Realization of efficient and selective NO and NO2 detection via surface functionalized h-B2S2 monolayer

Abstract

In the ever-growing field of two-dimensional (2D) materials, the boron–sulfide (B₂S₂) monolayer is a promising new addition to MoS₂-like 2D materials, with the boron (a lighter element) pair (B₂ pair) having similar valence electrons to Mo. Herein, we have functionalized the h-phase boron sulfide monolayer by introducing oxygen atoms (Oh-B₂S₂) to widen its application scope as a gas sensor. The charge carrier mobilities of this system were found to be 790 × 10² cm² V⁻¹ s⁻¹ and 32 × 10² cm² V⁻¹ s⁻¹ for electrons and holes, respectively, which are much higher than the mobilities of the MoS₂ monolayer. The potential application of the 2D Oh-B₂S₂ monolayer in the realm of gas sensing was evaluated using a combination of density functional theory (DFT), ab initio molecular dynamics (AIMD), and non-equilibrium Green's function (NEGF) based simulations.
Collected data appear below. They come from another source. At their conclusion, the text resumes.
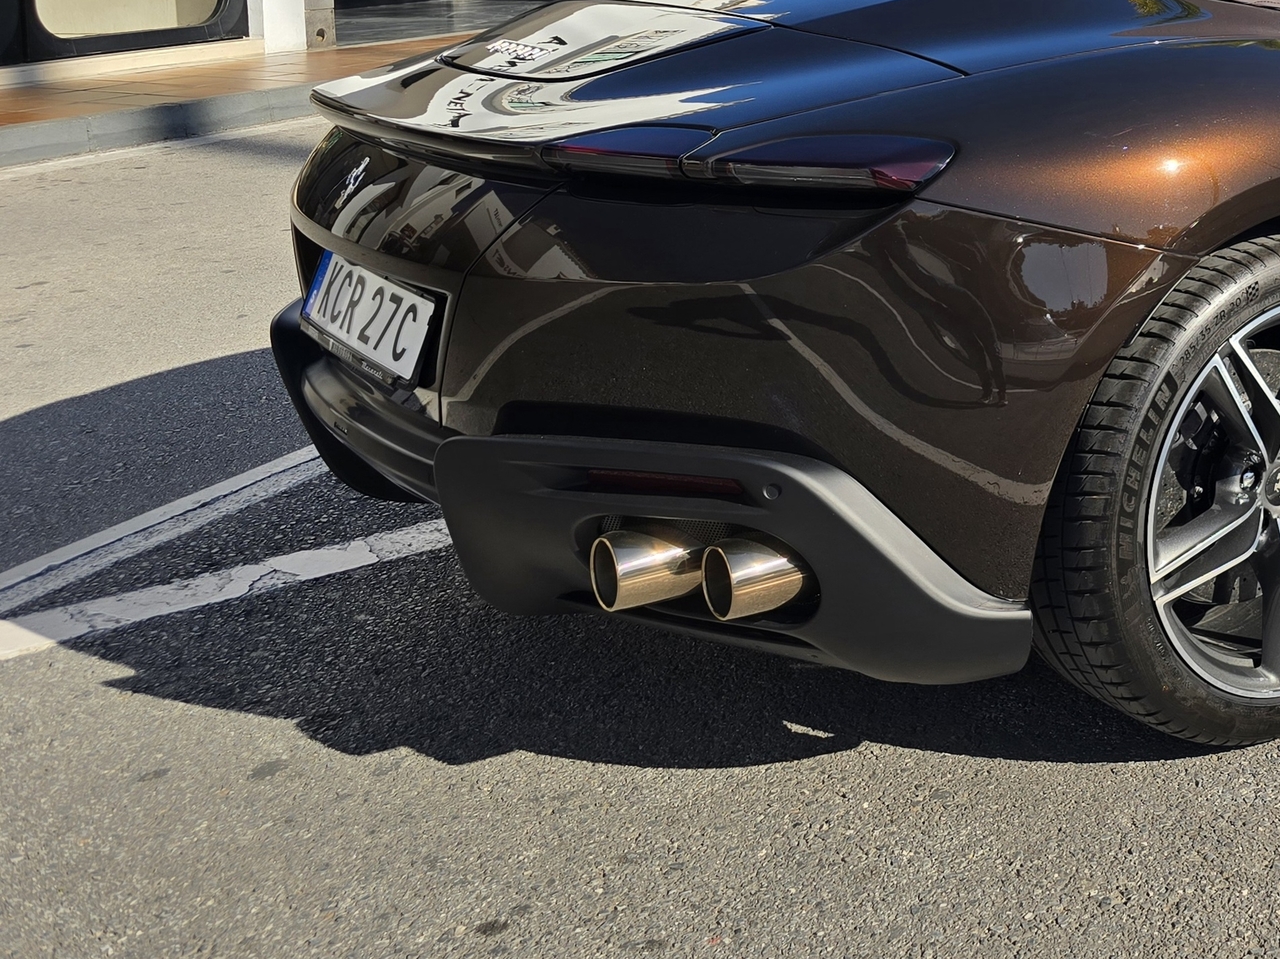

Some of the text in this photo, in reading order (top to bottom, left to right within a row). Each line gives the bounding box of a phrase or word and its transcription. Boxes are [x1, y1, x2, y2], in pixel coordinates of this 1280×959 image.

[317, 261, 367, 335] KCR
[357, 285, 418, 362] 27C
[1213, 308, 1227, 328] ZR
[1118, 382, 1172, 560] MICHELIN
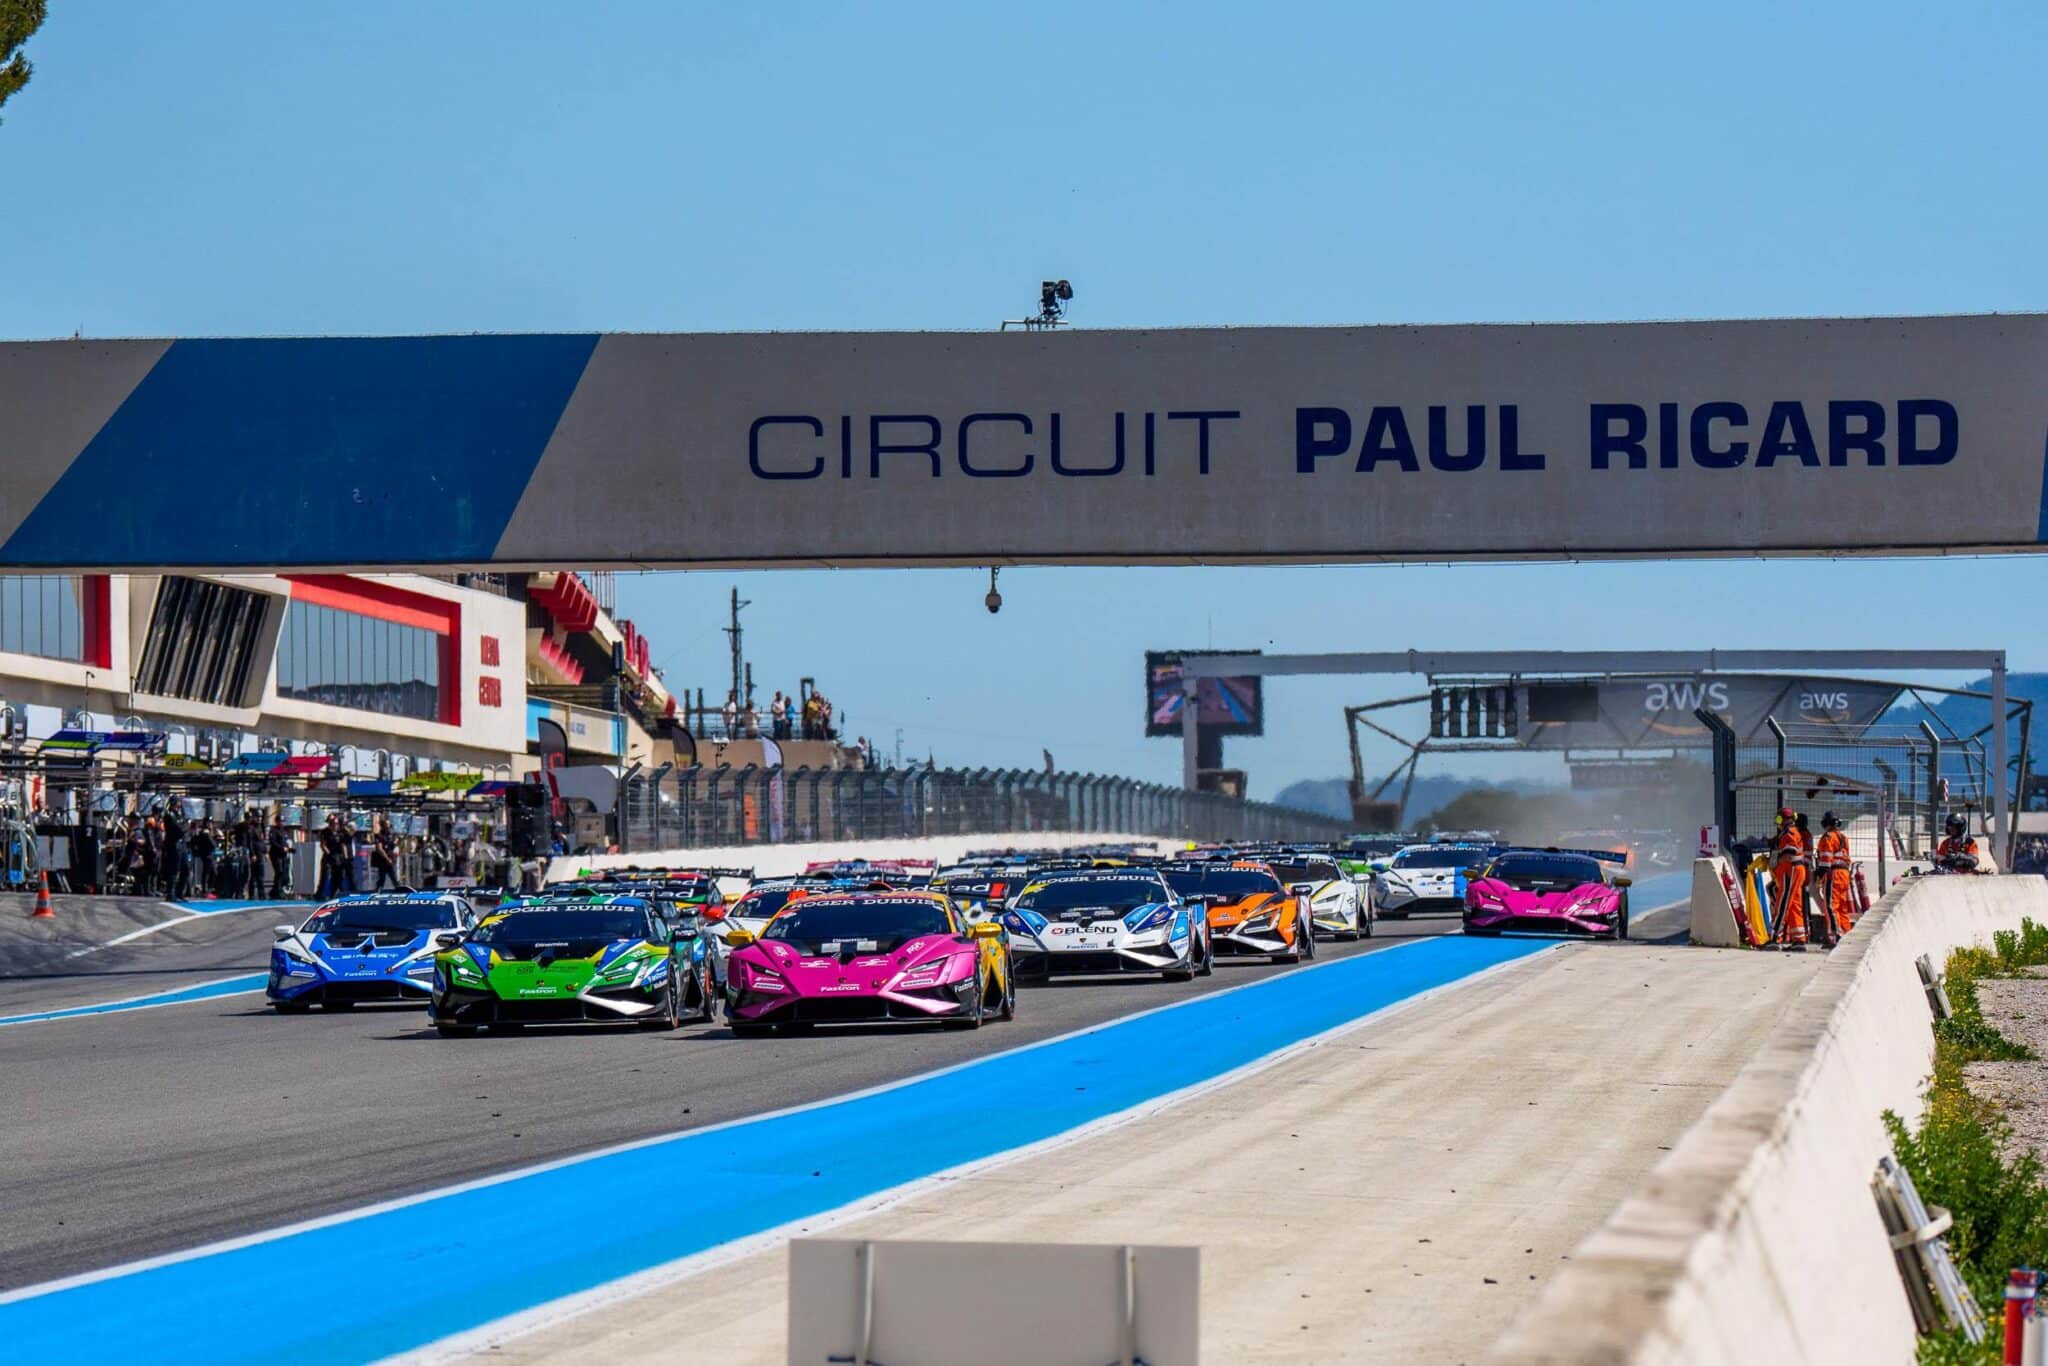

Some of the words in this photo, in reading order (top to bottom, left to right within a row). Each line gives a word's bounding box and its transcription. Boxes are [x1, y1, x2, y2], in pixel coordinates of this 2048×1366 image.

[748, 411, 1240, 480] CIRCUIT
[1296, 404, 1545, 473] PAUL
[1590, 399, 1959, 470] RICARD
[1645, 682, 1729, 711] aws
[1800, 691, 1848, 710] aws
[496, 905, 558, 915] ROGER
[565, 904, 635, 912] DUBUIS
[862, 898, 936, 906] DUBUIS
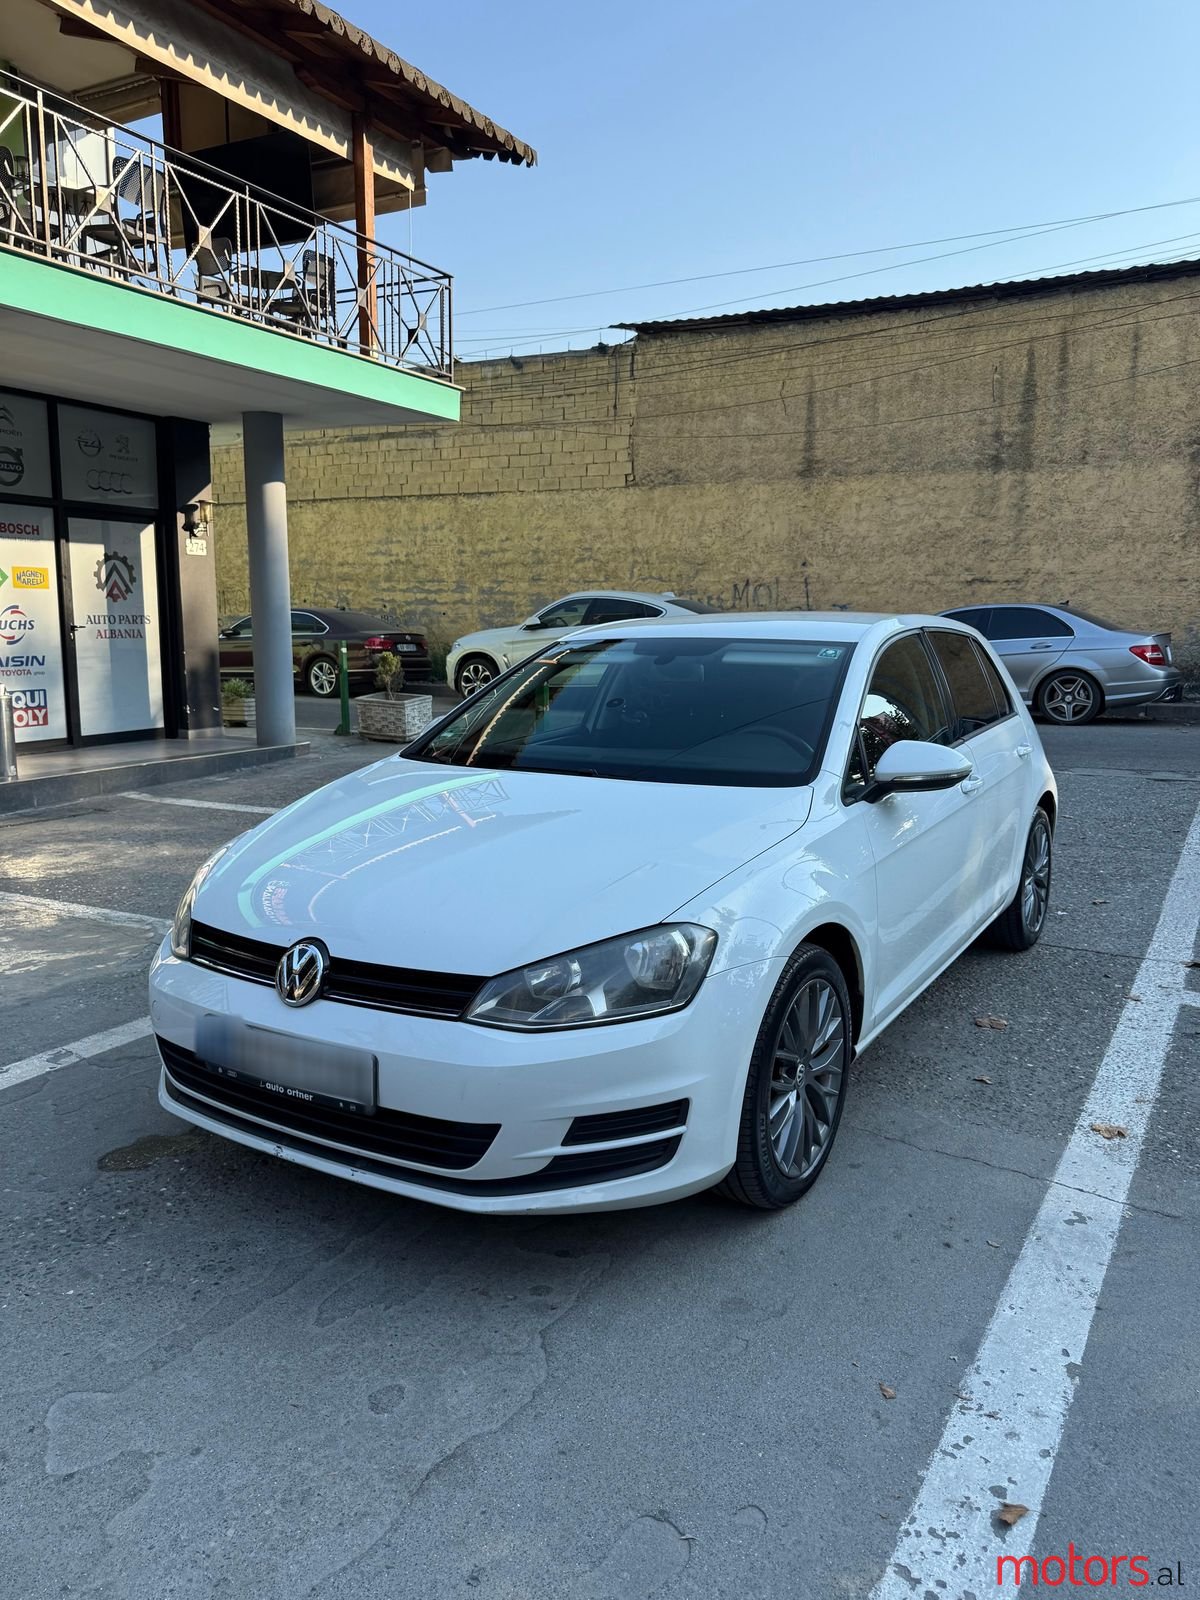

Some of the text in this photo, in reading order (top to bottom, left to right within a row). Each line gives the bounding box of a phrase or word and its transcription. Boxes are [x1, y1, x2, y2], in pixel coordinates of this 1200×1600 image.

Our results imply that the Oh-B₂S₂ monolayer outperforms graphene and MoS₂ in NO and NO₂ selective sensing with higher adsorption energies (−0.56 and −0.16 eV) and charge transfer values (0.34 and 0.13e). Furthermore, the current–voltage characteristics show that the Oh-B₂S₂ monolayer may selectively detect NO and NO₂ gases after bias 1.4 V, providing a greater possibility for the development of boron-based gas-sensing devices for future nanoelectronics.